## Task to carry out
Return all of the following entries as written, but without the images.

====== Data provided

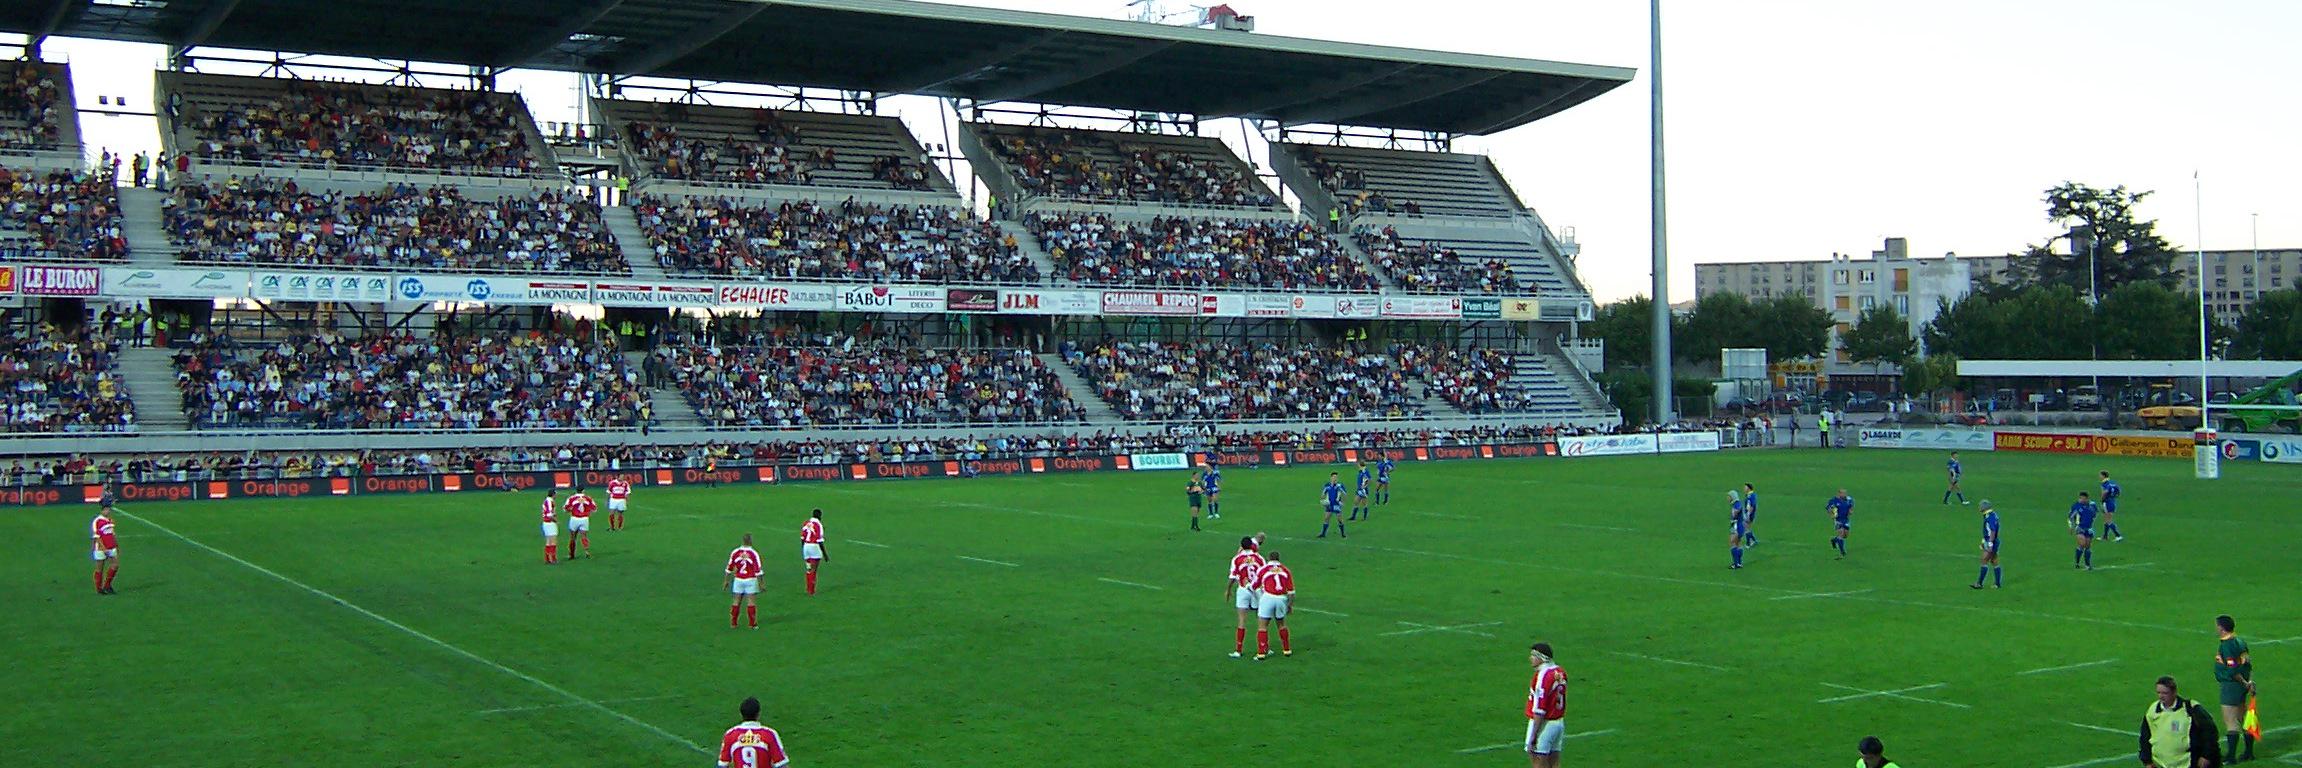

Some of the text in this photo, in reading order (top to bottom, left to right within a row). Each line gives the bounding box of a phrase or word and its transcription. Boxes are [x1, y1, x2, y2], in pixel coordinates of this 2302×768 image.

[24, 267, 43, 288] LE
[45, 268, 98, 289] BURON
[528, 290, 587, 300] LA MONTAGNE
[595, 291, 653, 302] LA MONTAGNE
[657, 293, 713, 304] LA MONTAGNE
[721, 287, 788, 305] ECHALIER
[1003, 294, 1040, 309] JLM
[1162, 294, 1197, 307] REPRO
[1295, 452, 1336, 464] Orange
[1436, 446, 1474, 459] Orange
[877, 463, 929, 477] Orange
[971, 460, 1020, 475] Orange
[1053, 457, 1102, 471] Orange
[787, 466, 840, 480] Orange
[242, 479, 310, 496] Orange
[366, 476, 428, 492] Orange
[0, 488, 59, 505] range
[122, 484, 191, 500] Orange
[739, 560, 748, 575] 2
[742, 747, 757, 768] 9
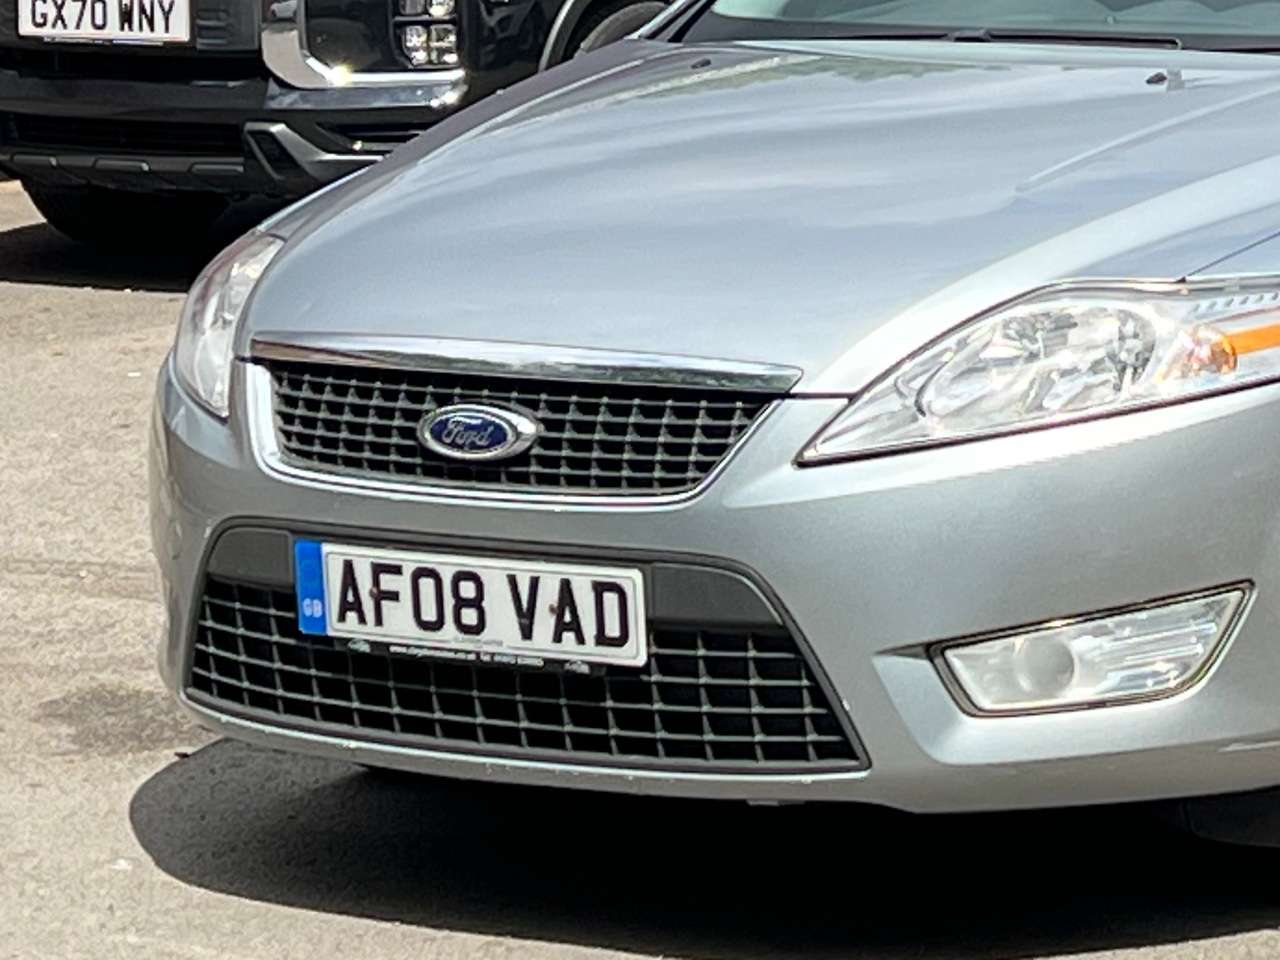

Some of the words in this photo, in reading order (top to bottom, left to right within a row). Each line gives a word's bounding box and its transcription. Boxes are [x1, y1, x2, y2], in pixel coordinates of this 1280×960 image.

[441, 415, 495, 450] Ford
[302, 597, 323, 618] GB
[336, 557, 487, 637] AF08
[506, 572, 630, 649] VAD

============

## Response below
Some of the text in this photo, in reading order (top to bottom, left to right within a row). Each line gives the bounding box of a phrase or word and its transcription. Boxes are [x1, y1, x2, y2], in pixel coordinates of this 2302×768 image.

[24, 267, 43, 288] LE
[45, 268, 98, 289] BURON
[528, 290, 587, 300] LA MONTAGNE
[595, 291, 653, 302] LA MONTAGNE
[657, 293, 713, 304] LA MONTAGNE
[721, 287, 788, 305] ECHALIER
[1003, 294, 1040, 309] JLM
[1162, 294, 1197, 307] REPRO
[1295, 452, 1336, 464] Orange
[1436, 446, 1474, 459] Orange
[877, 463, 929, 477] Orange
[971, 460, 1020, 475] Orange
[1053, 457, 1102, 471] Orange
[787, 466, 840, 480] Orange
[242, 479, 310, 496] Orange
[366, 476, 428, 492] Orange
[0, 488, 59, 505] range
[122, 484, 191, 500] Orange
[739, 560, 748, 575] 2
[742, 747, 757, 768] 9

Some of the words in this photo, in reading order (top to bottom, left to right within a row). Each line gives a word's bounding box and its transcription. Boxes are [x1, y1, x2, y2], in pixel coordinates of this 1280×960 image.

[441, 415, 495, 450] Ford
[302, 597, 323, 618] GB
[336, 557, 487, 637] AF08
[506, 572, 630, 649] VAD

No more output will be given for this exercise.